Uber is accelerating its plan to bring flying taxis to the public. At Tuesday's Uber Elevate conference in Los Angeles, the ride-hailing company announced new details for its electrically powered vertical takeoff and landing aircraft—otherwise known as eVTOL.

UberAir uses propellers mounted on wings for lift and a tail-mounted front-facing propeller to move forward. Despite the futuristic design, Uber Chief Product Officer Jeff Holden said there is "no magic or huge leap of science that needs to occur here. There's amazing headroom to improve on urban mobility."

Helicopters have been ruled out because they are too noisy and have high emissions.

The newest model Uber eVOLT was revealed at the Uber Elevate Conference in Los Angeles on Tuesday. Uber

In the company's Elevate white paper, Uber reveals that a trip from the marina in San Francisco to downtown San Jose would take just 15 minutes in the eVTOL. The same trip on the train will take you more than two hours (and an hour and 40 minutes via an UberX vehicle).

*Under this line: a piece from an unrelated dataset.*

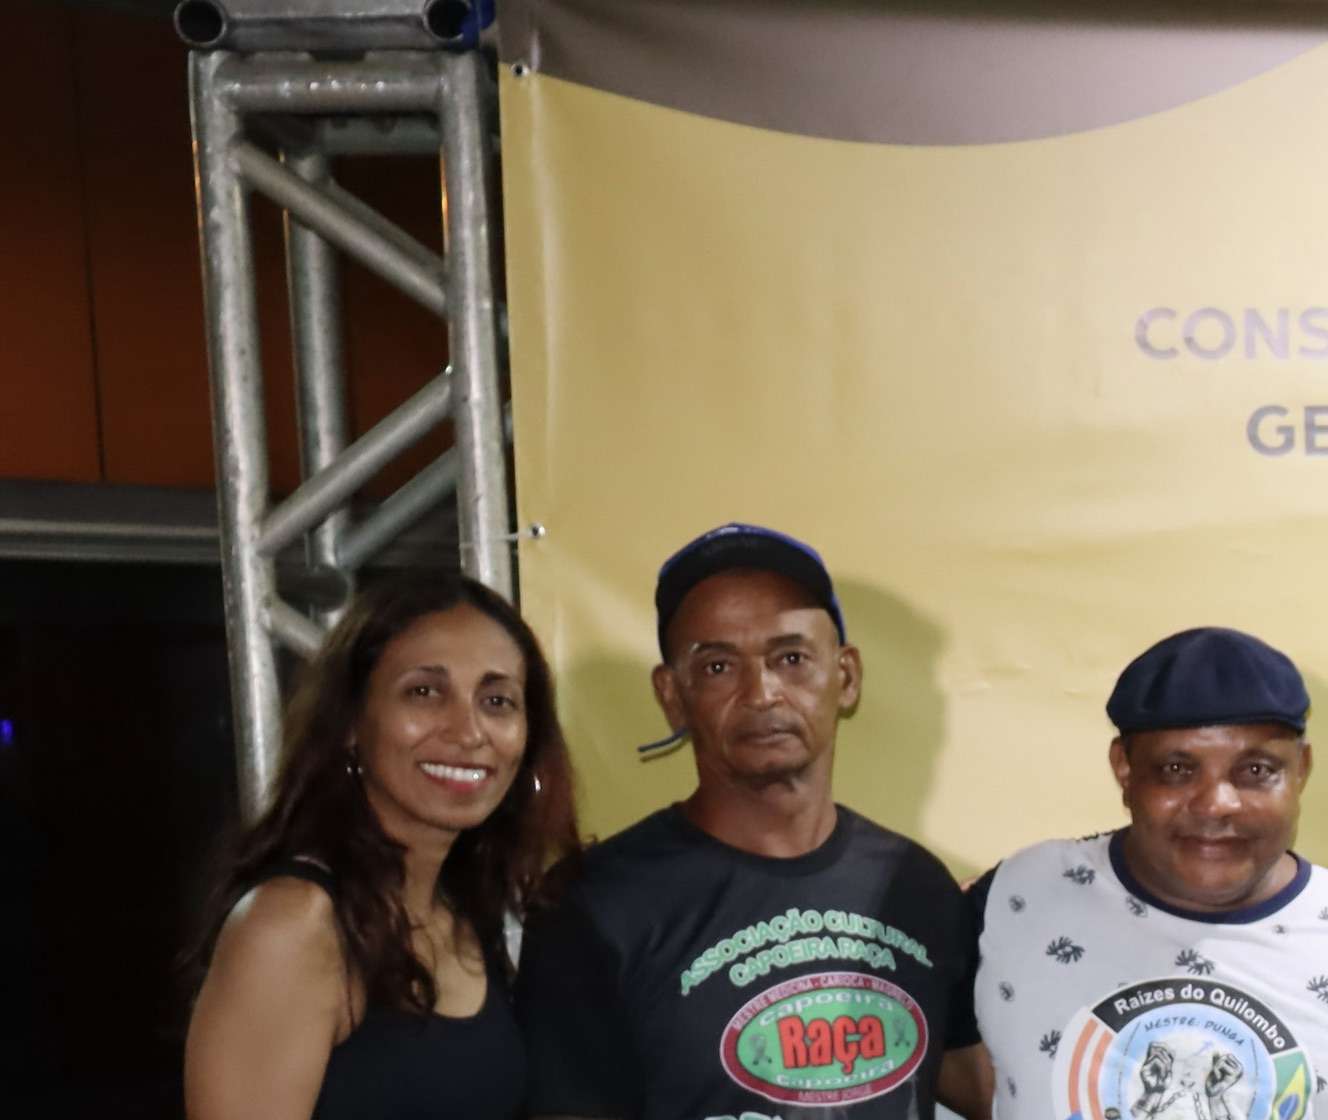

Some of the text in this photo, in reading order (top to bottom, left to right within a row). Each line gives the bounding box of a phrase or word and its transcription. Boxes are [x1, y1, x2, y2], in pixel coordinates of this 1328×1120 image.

[729, 935, 840, 987] CAPOEIRA
[822, 908, 934, 968] CULTURAL
[776, 1014, 887, 1076] Raça
[1113, 983, 1287, 1050] Raízes do Quilombo

Uber says the cost will be reasonable in the long term. While initially the price for that trip will be around $129, Uber hopes it will eventually drop to just $20. The trip in an UberX costs $111.

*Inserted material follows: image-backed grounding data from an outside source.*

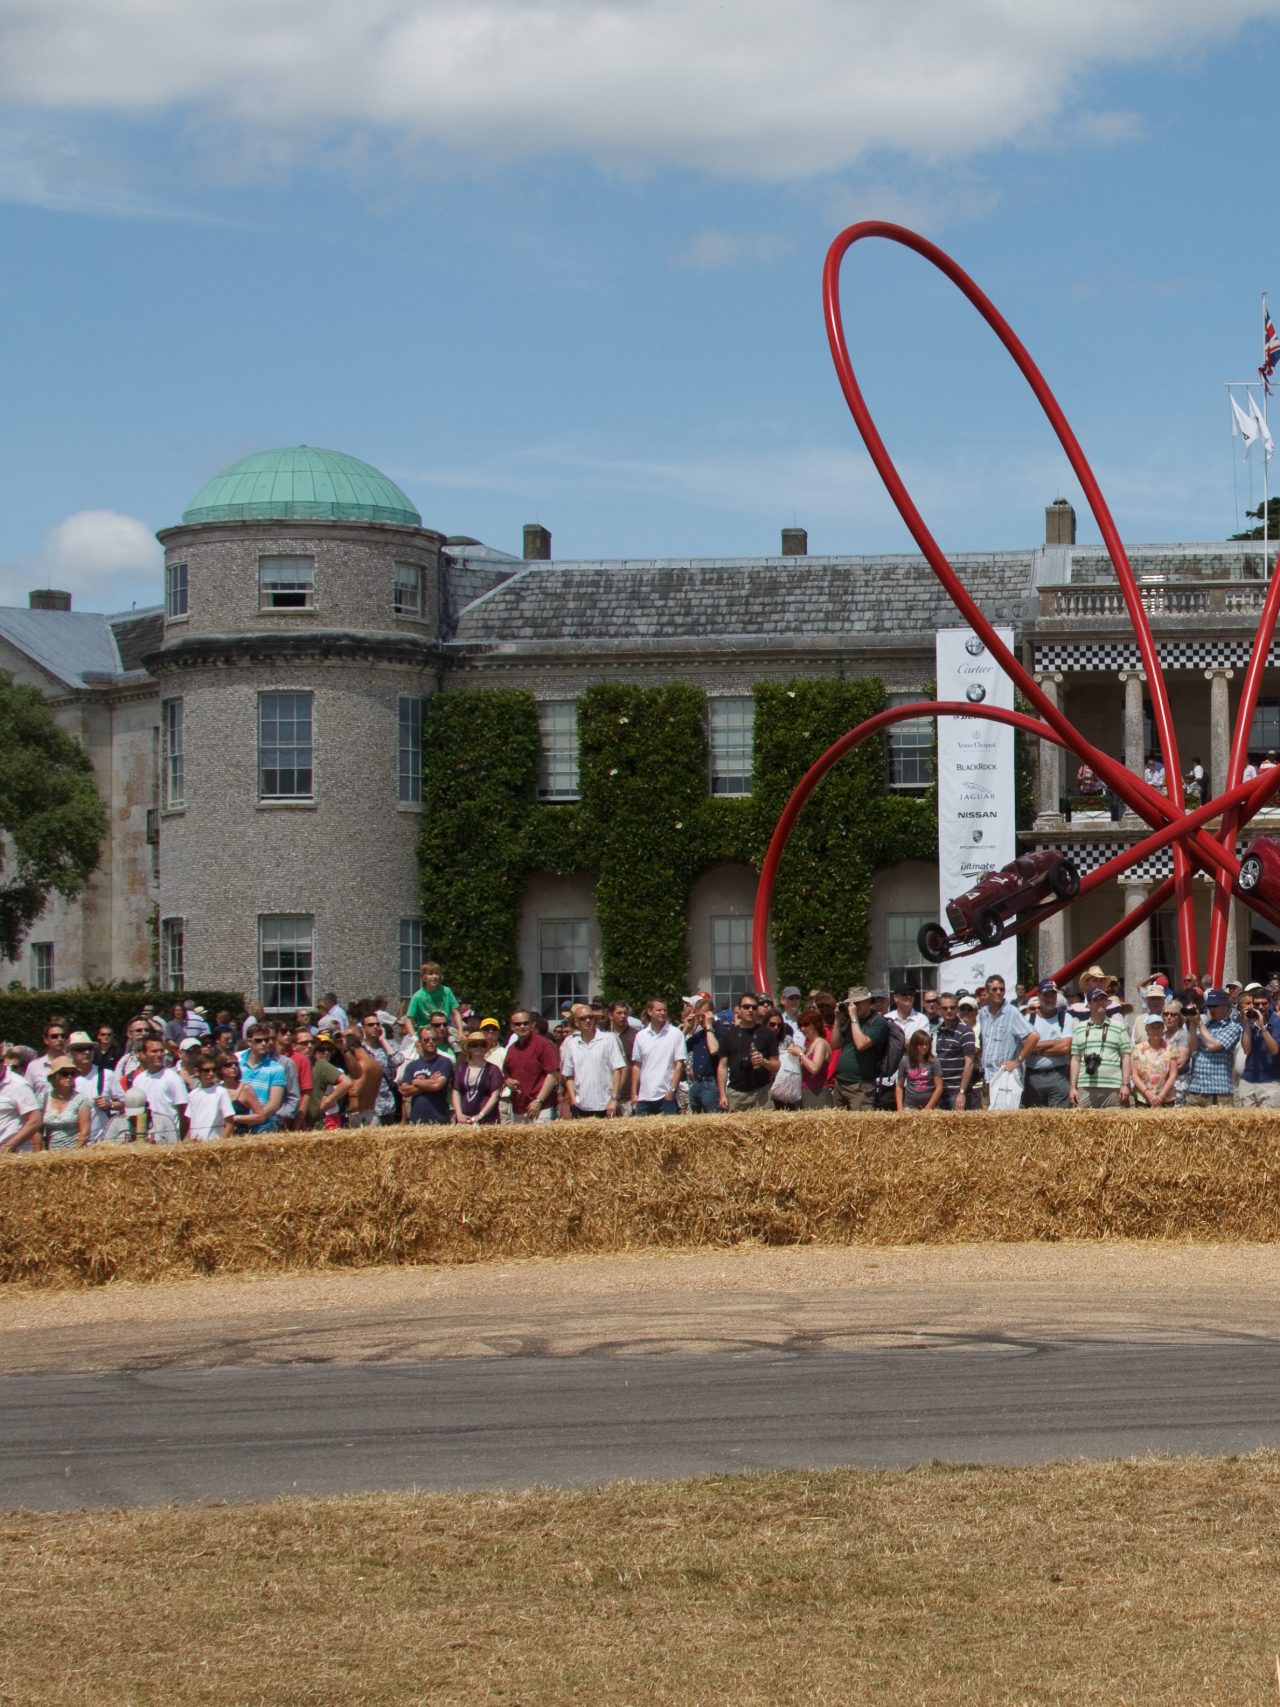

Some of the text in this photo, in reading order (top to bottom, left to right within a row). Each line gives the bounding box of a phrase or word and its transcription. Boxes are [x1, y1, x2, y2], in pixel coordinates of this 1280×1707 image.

[957, 662, 994, 675] Cartier
[960, 793, 995, 801] JAGUAR
[957, 811, 997, 819] NISSAN
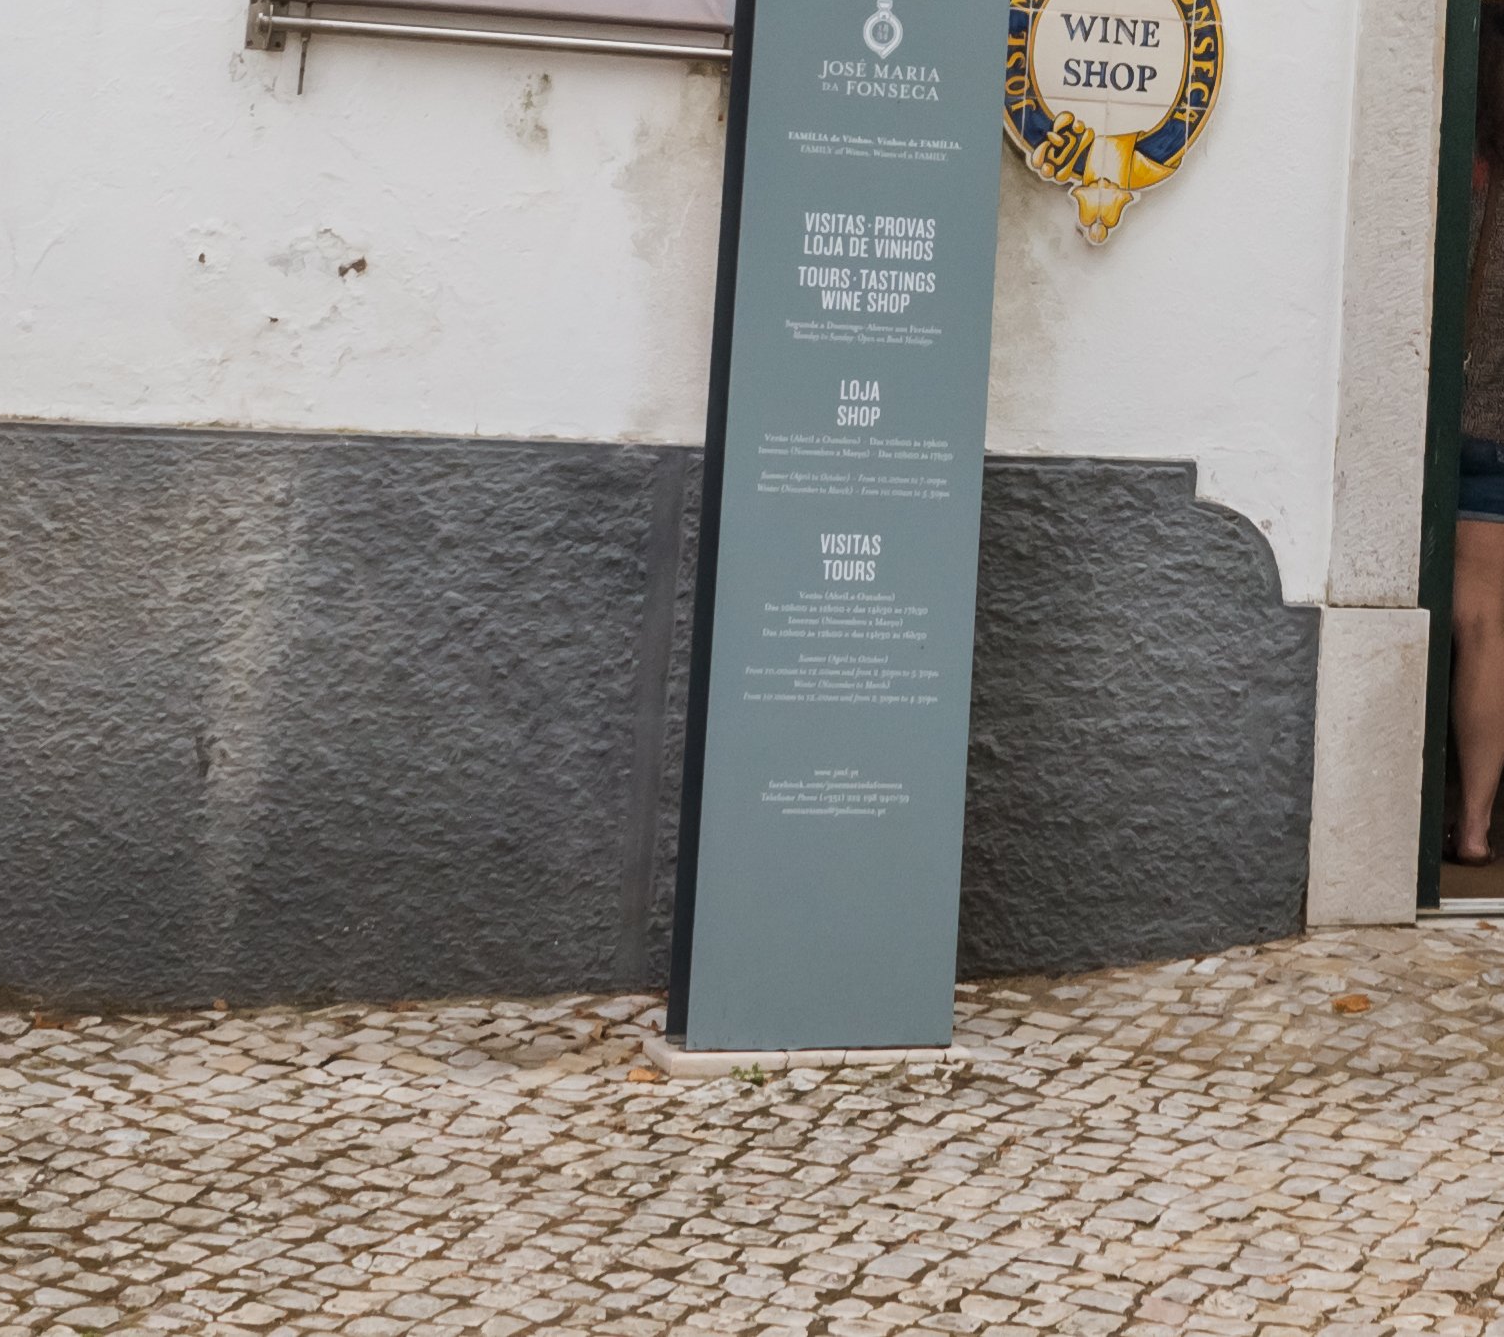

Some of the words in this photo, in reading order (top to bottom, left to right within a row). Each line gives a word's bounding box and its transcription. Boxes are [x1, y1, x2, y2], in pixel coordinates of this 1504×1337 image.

[1060, 13, 1161, 48] WINE
[817, 59, 867, 80] JOSÉ
[873, 63, 941, 83] MARIA
[1063, 58, 1158, 93] SHOP
[822, 82, 839, 92] DA
[846, 81, 939, 101] FONSECA
[804, 212, 865, 235] VISITAS
[875, 216, 936, 239] PROVAS
[804, 234, 843, 257] LOJA
[849, 237, 869, 258] DE
[874, 238, 934, 261] VINHOS
[798, 266, 851, 288] TOURS
[860, 269, 936, 293] TASTINGS
[821, 290, 861, 312] WINE
[867, 292, 911, 314] SHOP
[840, 379, 881, 402] LOJA
[836, 405, 881, 427] SHOP
[820, 533, 882, 557] VISITAS
[822, 559, 877, 582] TOURS

The aircraft will fly somewhere between 1,000 and 2,000 feet above the ground (a traditional commercial plane flies at 35,000 feet) and travel at around 200 miles per hour. The battery in the eVTOL lasts for 60 miles and can fully recharge in just five minutes.

"Every day, millions of hours are wasted on the road worldwide," the white paper reads. "Last year, the average San Francisco resident spent 230 hours commuting between work and home—that's half a million hours of productivity lost every single day."

In 2020, Uber plans to run eVTOL demonstrations in Dallas, Los Angeles and the United Arab Emirates' Dubai to help research the infrastructure implications. If everything goes according to plan, commuting to work via the sky will commence in 2023.

According to USA Today, Uber is working with the Army and NASA to study air traffic control problems associated with low-flying aircraft.